(What the exercise asks) Copy the lines below exactly, starting at the one with "this 1600×1053 image." and ending at the one with "Some of the words", and leave out any picture.

======== Task input

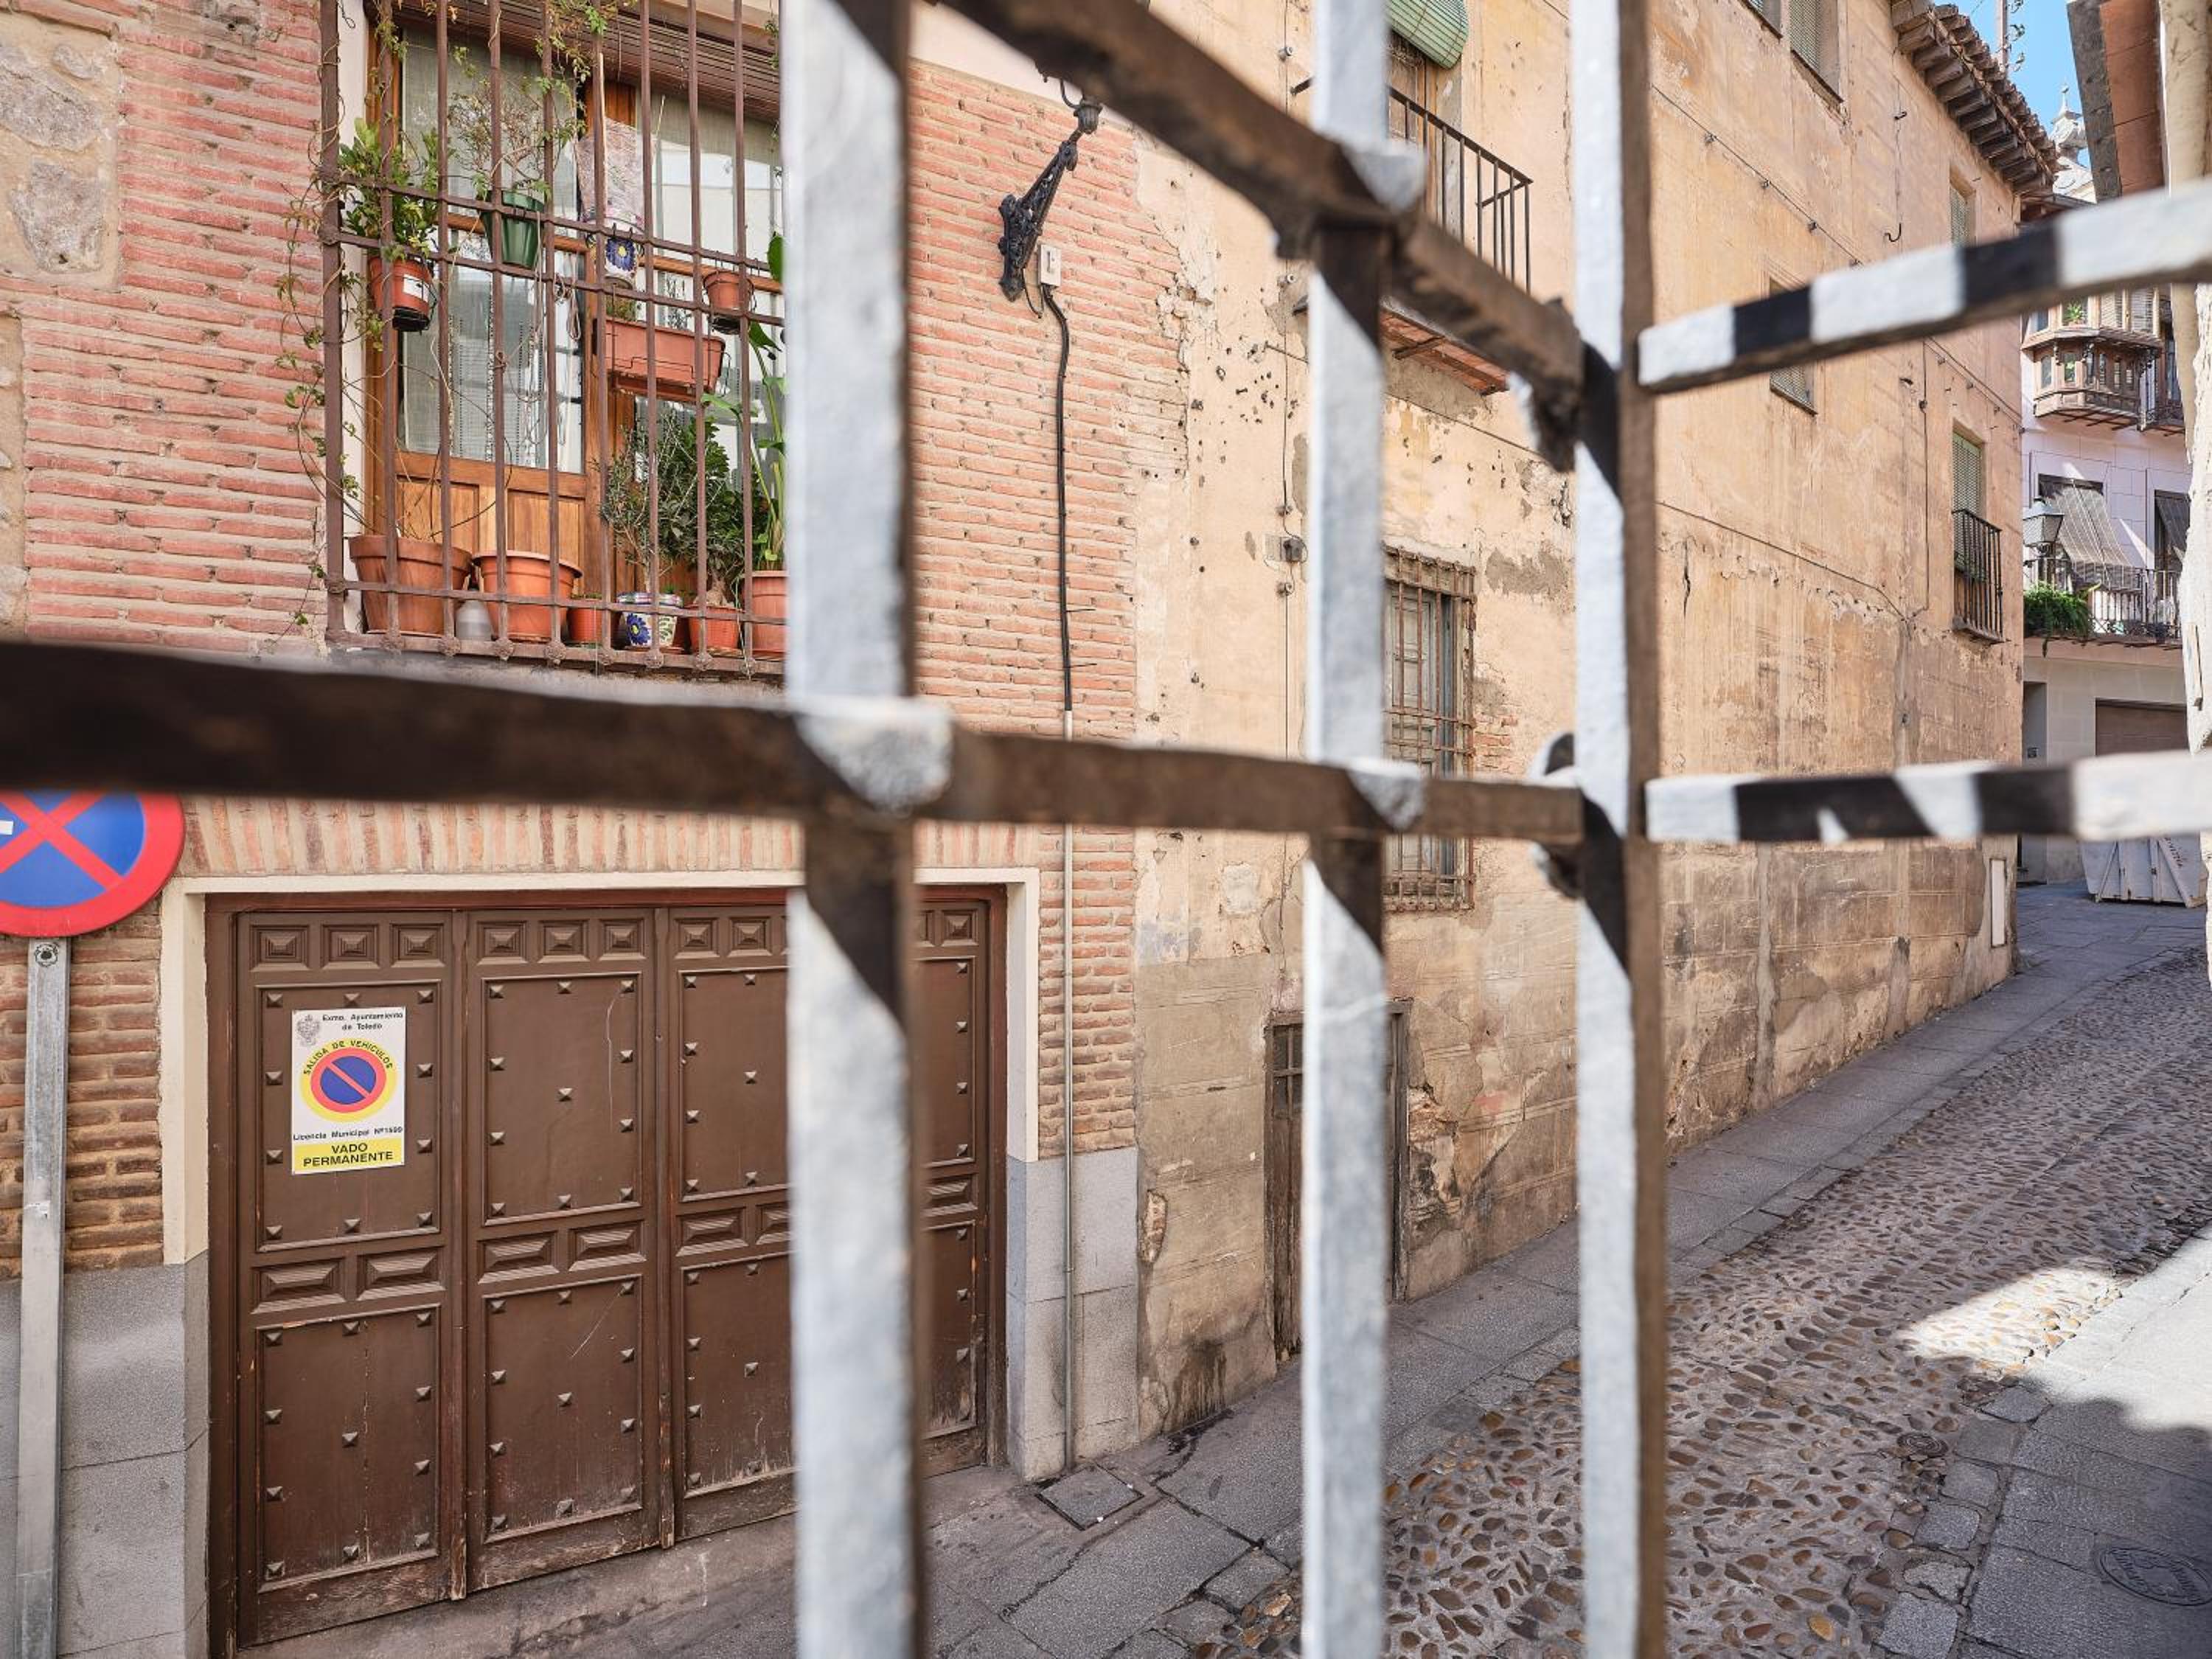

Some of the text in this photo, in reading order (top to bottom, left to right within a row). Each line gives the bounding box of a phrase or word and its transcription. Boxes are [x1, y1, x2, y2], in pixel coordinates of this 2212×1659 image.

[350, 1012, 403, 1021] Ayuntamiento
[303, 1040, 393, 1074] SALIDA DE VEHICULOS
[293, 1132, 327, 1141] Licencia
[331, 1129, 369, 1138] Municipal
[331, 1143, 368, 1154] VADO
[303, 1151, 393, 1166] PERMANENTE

================
======== Task input

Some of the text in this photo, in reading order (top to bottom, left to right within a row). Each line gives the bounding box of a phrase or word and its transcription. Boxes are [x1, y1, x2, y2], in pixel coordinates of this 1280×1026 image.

================
======== Task input

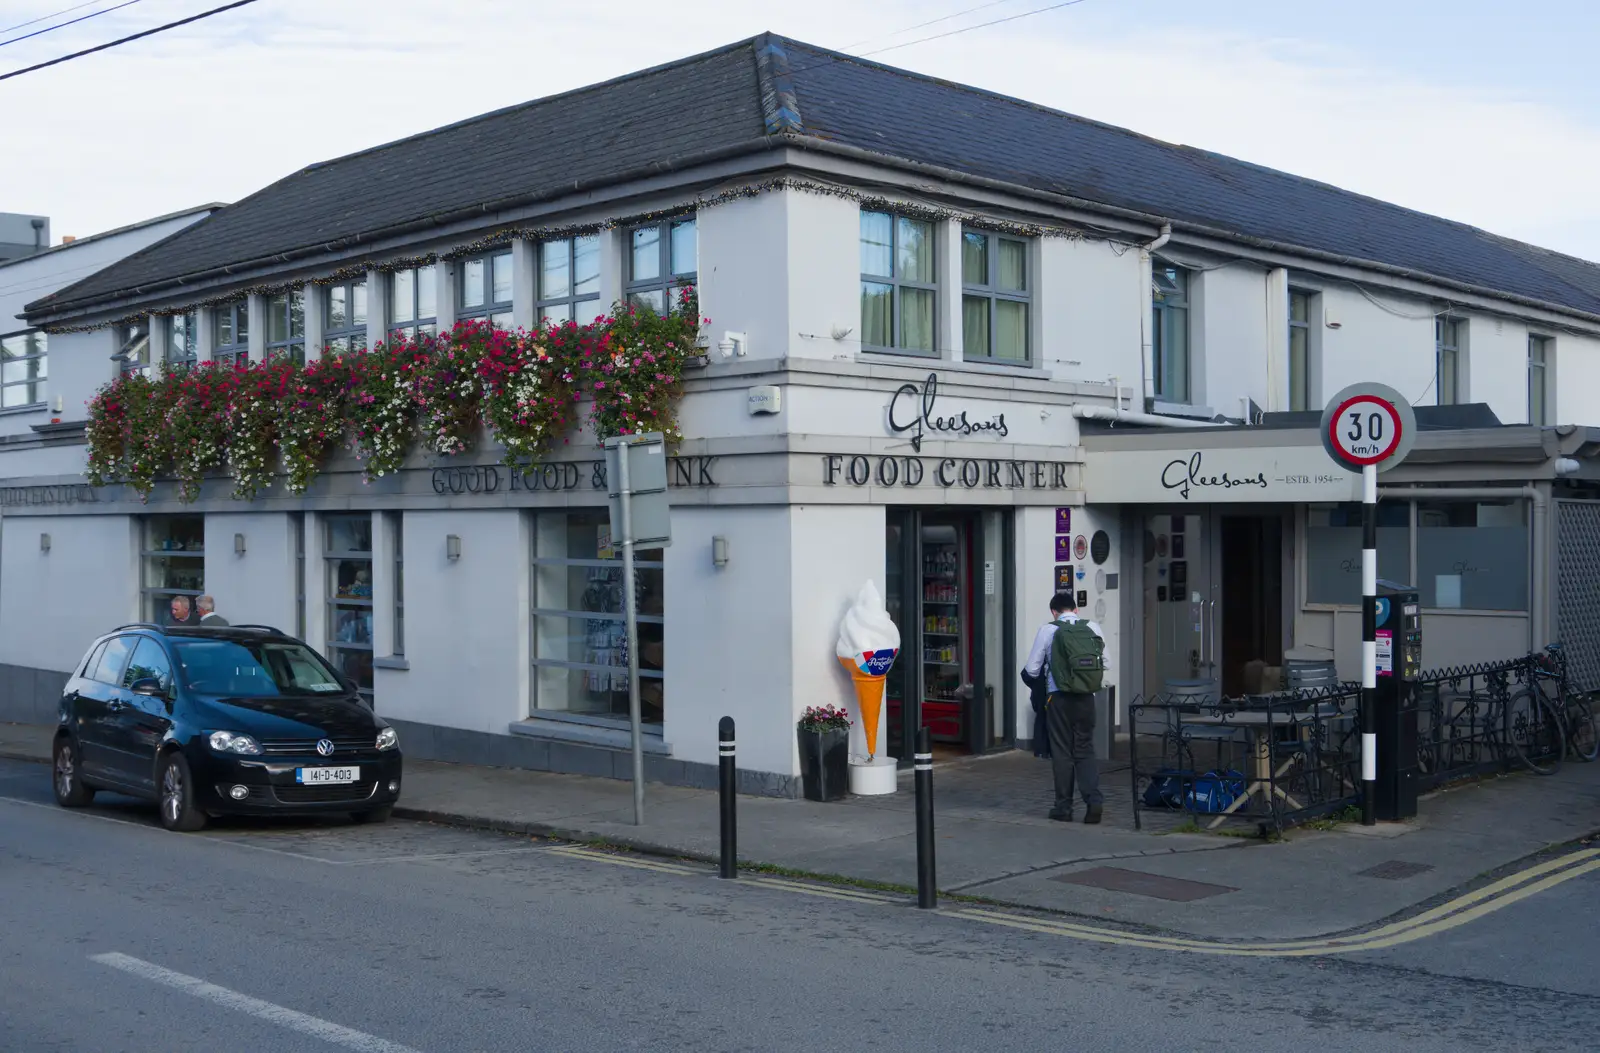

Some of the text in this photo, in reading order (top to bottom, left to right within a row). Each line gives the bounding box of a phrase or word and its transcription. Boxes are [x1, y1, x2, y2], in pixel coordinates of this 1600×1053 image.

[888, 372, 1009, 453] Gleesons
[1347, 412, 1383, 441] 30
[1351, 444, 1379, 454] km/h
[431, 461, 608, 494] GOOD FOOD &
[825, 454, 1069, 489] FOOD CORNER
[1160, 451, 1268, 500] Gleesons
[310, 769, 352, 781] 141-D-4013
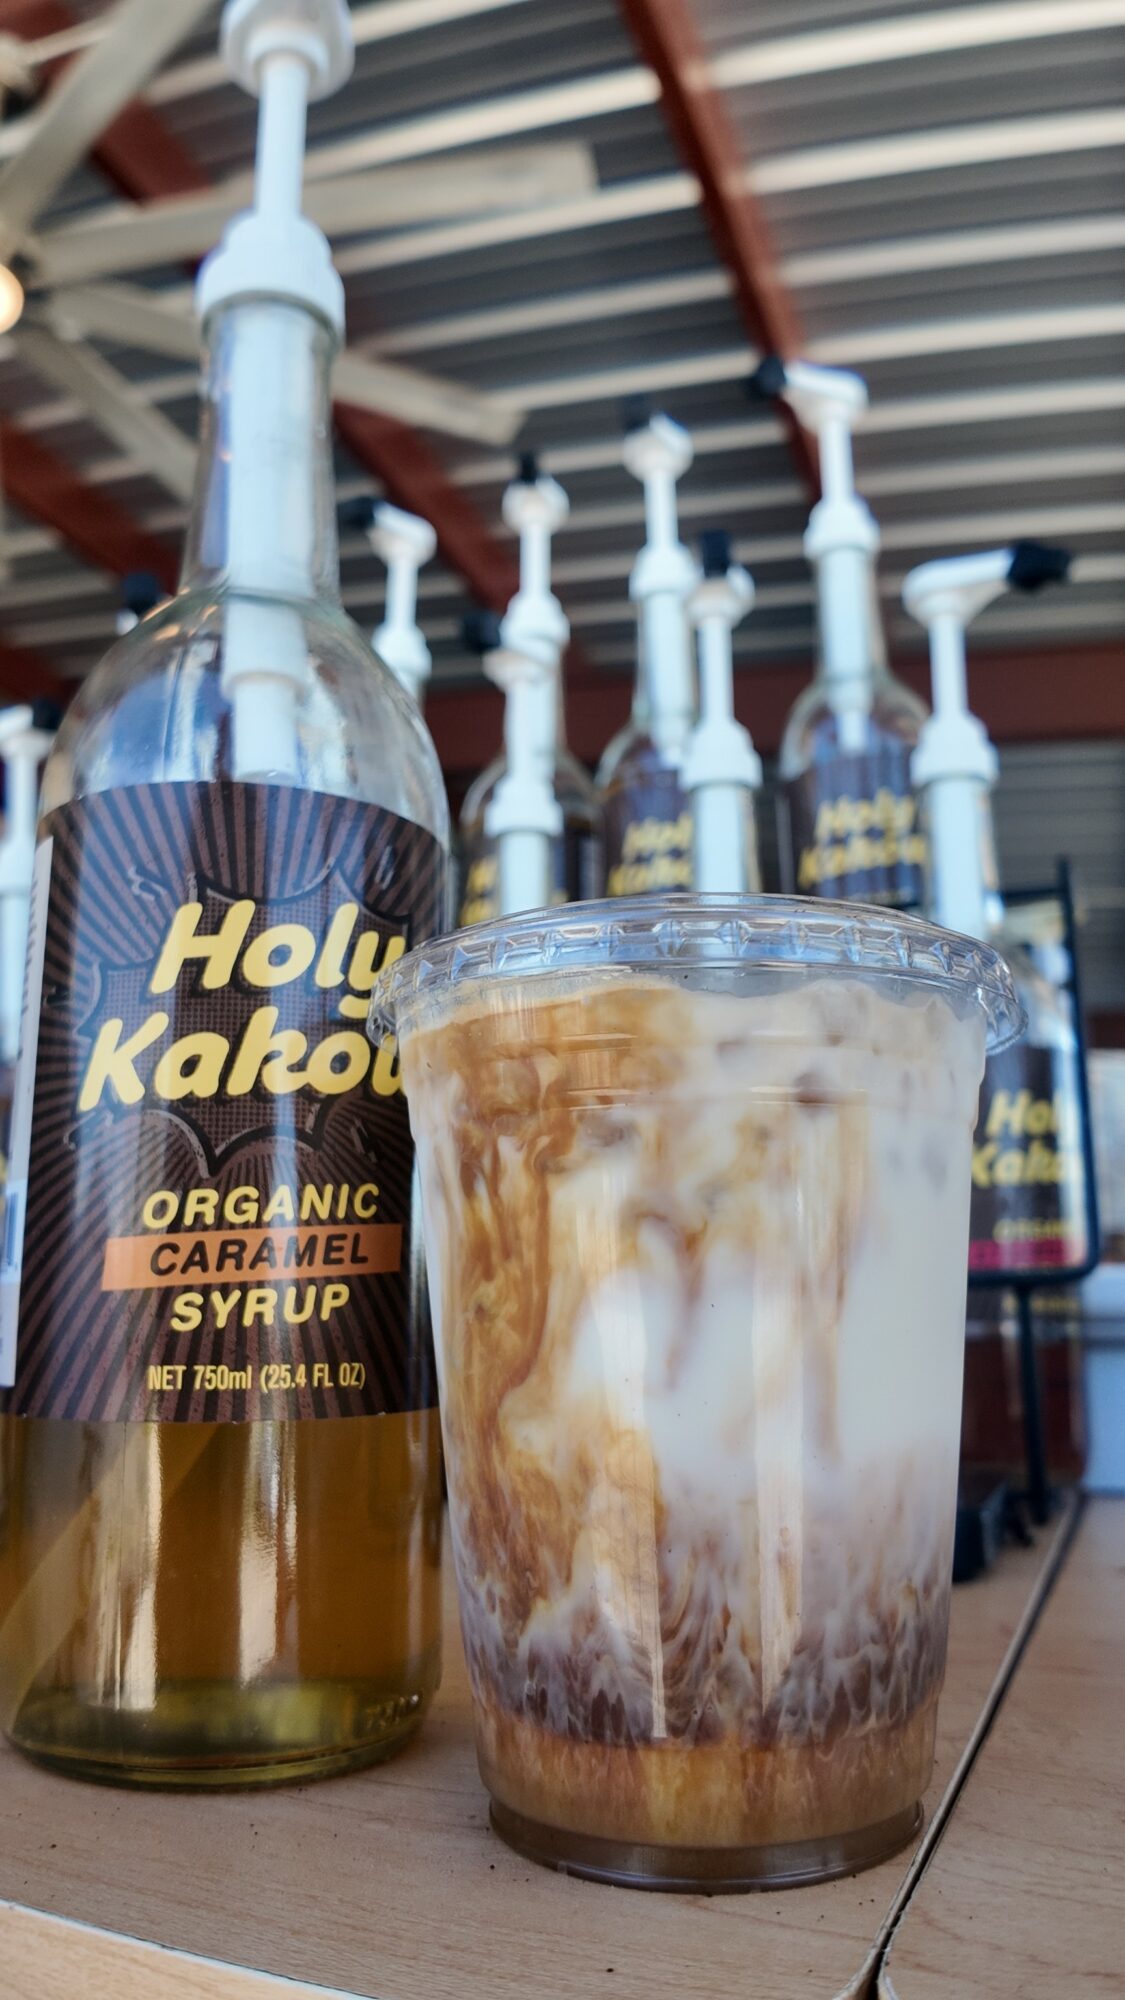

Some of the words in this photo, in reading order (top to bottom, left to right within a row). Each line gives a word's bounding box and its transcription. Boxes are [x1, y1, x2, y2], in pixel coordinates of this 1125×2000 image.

================

(Exercise answer)
Some of the text in this photo, in reading order (top to bottom, left to right within a row). Each line gives the bounding box of a phrase or word and its transcription. Boxes are [x1, y1, x2, y2], in pixel coordinates of this 1600×1053 image.

[888, 372, 1009, 453] Gleesons
[1347, 412, 1383, 441] 30
[1351, 444, 1379, 454] km/h
[431, 461, 608, 494] GOOD FOOD &
[825, 454, 1069, 489] FOOD CORNER
[1160, 451, 1268, 500] Gleesons
[310, 769, 352, 781] 141-D-4013

Some of the words in this photo, in reading order (top to bottom, left to right within a row). Each line gives a word's bounding box and its transcription. Boxes are [x1, y1, x2, y2], in pixel coordinates of this 1125×2000 image.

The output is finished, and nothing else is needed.